Nejire konnte es kaum noch aushalten. Das Training unter Herrn Aizawa hatte sie noch ganz gut abgelenkt, da hatte sie keine Zeit gehabt, ihre Freunde zu vermissen. Dass nun aber nicht nur Mirio, sondern auch Tamaki im Unterricht fehlte, fiel schon unangenehm auf. Erst recht danach, als es wieder in den Frontalunterricht ging… eine Doppelstunde Mathe, gefühlte sechs Stunden moderne Literatur, und am Abend noch, wie um sie zu quälen, zehntausend Jahre klassische Literatur. Nejire hatte bisher noch nie erlebt, dass man gleichzeitig so gelangweilt und so besorgt sein konnte. Still auf ihrem Platz zu sitzen bereitete ihr beinahe körperliche Schmerzen, der Unterrichtsstoff war zäh wie altes Leder, sie konnte sich nicht im Mindesten konzentrieren und zu allem Überfluss hatte noch irgendjemand was mit der Zeit angestellt, die heute auch so gar nicht voranschreiten wollte… es war wie verhext, der Minutenzeiger dieser alten Wanduhr brauchte locker eine Viertelstunde, um einen Strich weiter zu rutschen. Und mit jeder Stunde wurde er noch langsamer.

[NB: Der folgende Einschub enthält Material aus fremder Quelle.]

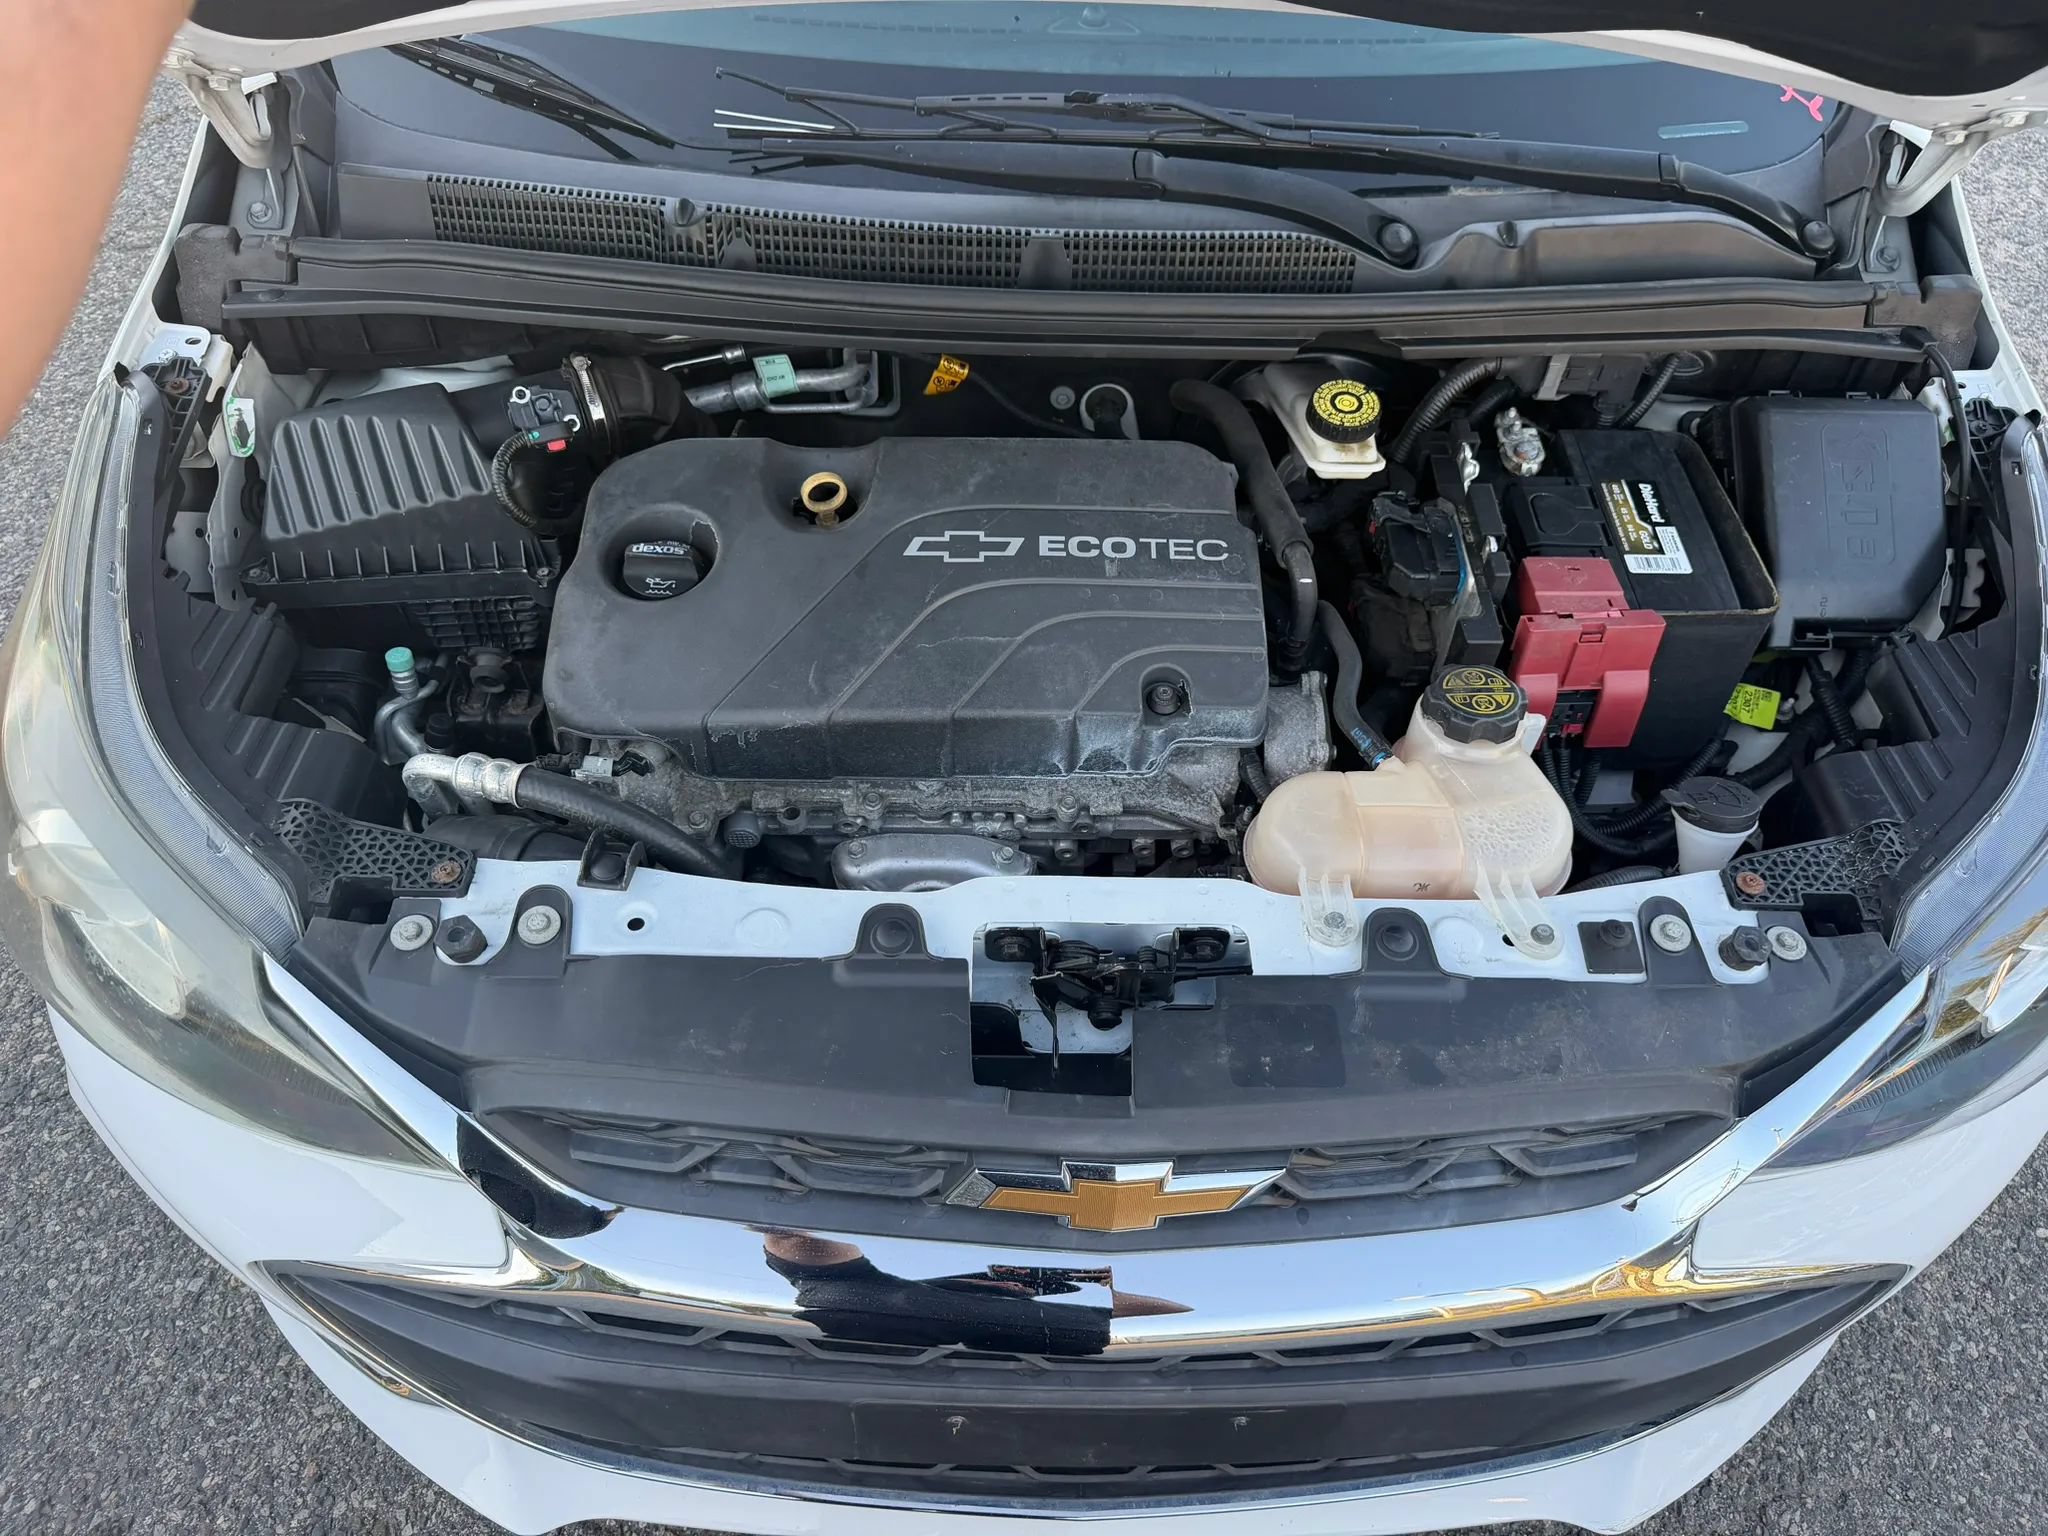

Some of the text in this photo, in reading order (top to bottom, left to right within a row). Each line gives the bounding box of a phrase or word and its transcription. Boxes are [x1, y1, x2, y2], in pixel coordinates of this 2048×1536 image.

[1638, 483, 1665, 523] DieHard
[631, 542, 685, 555] dexos
[1038, 535, 1229, 561] ECOTEC
[1638, 530, 1654, 550] GOLD
[1742, 690, 1754, 714] 2307

Der letzte Gong des Tages fühlte sich an wie eine Erlösung. Nejire sprang auf wie ein Tiger, dessen Käfig nach Monaten und Jahren chinesischer Literaturgeschichte zum ersten Mal offensteht. Sie konnte sich gerade noch so davon abhalten, den Sprint zurück zum Wohnhaus mit ihrer Twisterwelle zu beschleunigen. Aber auch nur zu Fuß tat es gut, sich endlich so schnell bewegen zu dürfen, endlich so schnell wie irgendwie möglich zu den Jungs zu rennen um zu sehen, ob sie nicht doch helfen konnte. Auf ihre Textnachricht hatte Mirio zwar geschrieben, dass alles okay war und sie sich keine Sorgen machen sollte, aber wer sowas glaubte der hielt auch den Weihnachtsmann noch für echt. Wenn es Tamaki wirklich gut ginge hätte er ihr auch selbst schreiben können.

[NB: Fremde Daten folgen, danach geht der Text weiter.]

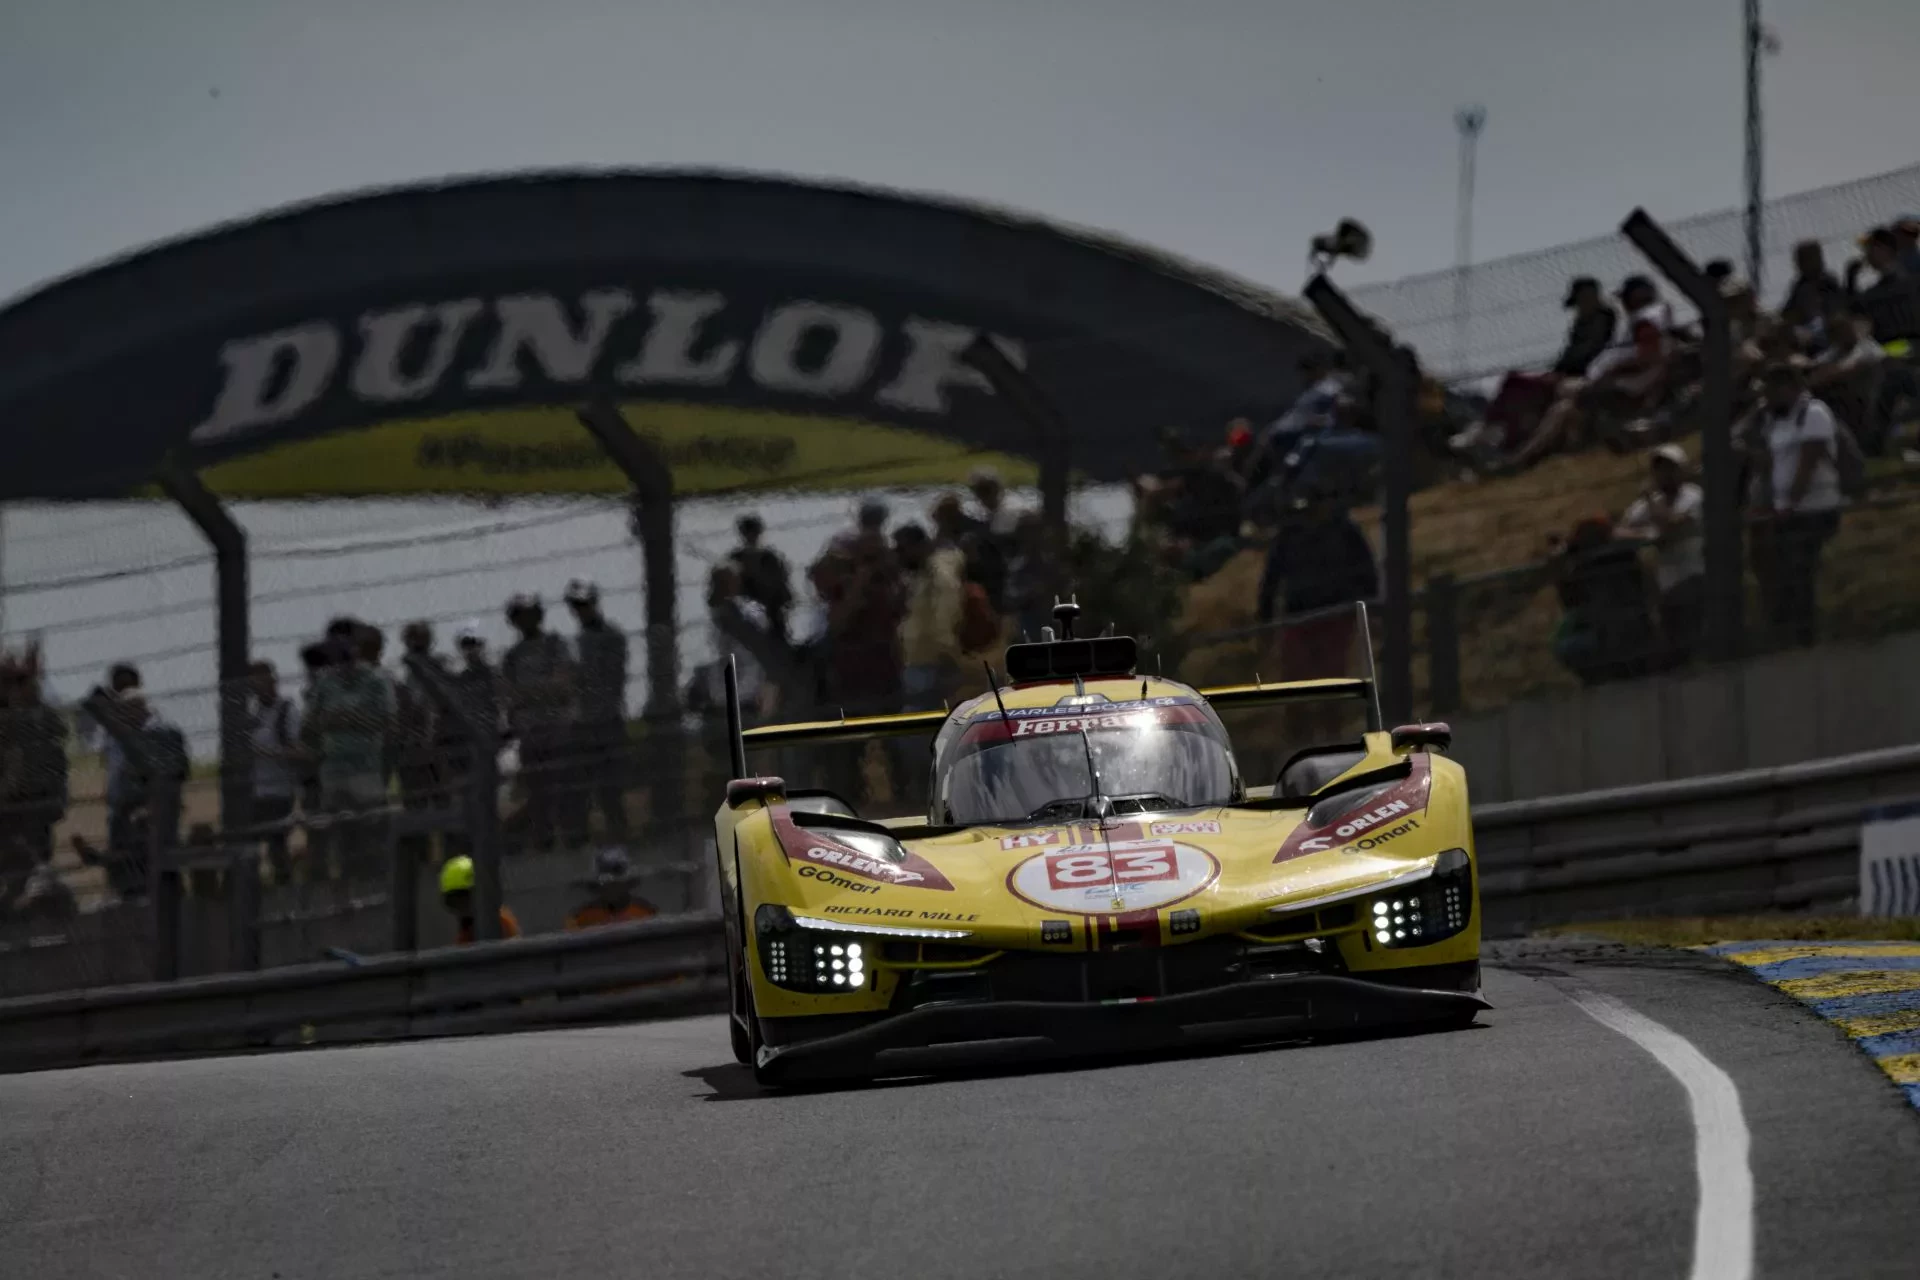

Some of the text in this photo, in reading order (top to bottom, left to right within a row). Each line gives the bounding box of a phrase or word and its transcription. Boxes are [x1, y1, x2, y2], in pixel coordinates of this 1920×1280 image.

[987, 705, 1080, 719] CHARLES
[1012, 709, 1155, 738] Ferra
[1336, 799, 1410, 837] ORLEN
[1341, 818, 1421, 855] GOmart
[807, 847, 887, 876] ORLEN
[1055, 850, 1170, 883] 83
[798, 866, 881, 894] GOmart
[824, 905, 981, 922] RICHARD MILLE

Etwas außer Atem, aber immer noch angespannt erreichte sie endlich das Gebäude. Der Gemeinschaftsraum war praktisch ausgestorben, weil der Rest der Klasse natürlich weit hinter ihr zurückgeblieben war. Tamaki war nirgends zu sehen, aber Mirio fand sie nach kurzer Suche in der Küche. Er stand vor einem dampfenden Topf, das Handy am Ohr, in das er regelmäßig „Ja“, „Aha“ oder andere bestätigende Geräusche machte. Nejire bemerkte er trotzdem und begrüßte sie mit einem breiten Grinsen.

„Mirio!“, sie konnte sich gerade noch davon abhalten, ihm um den Hals zu fallen, „Was machst du gerade? Wie geht es Tamaki? Mit wem telefonierst du da?“ Es waren mal wieder zu viele Fragen auf einmal und keine Zeit für eine Antwort. Nejire biss sich auf die Zunge und hielt die Luft an, um den nervösen Wortschwall wieder in den Griff zu bekommen. Zuhören war anstrengend, gerade jetzt, aber Mirio reagierte zum Glück schnell.

„Ich versuche zu kochen, Tamaki schläft und das ist meine Mutter“, antwortete er schnell und hielt Nejire das Handy hin.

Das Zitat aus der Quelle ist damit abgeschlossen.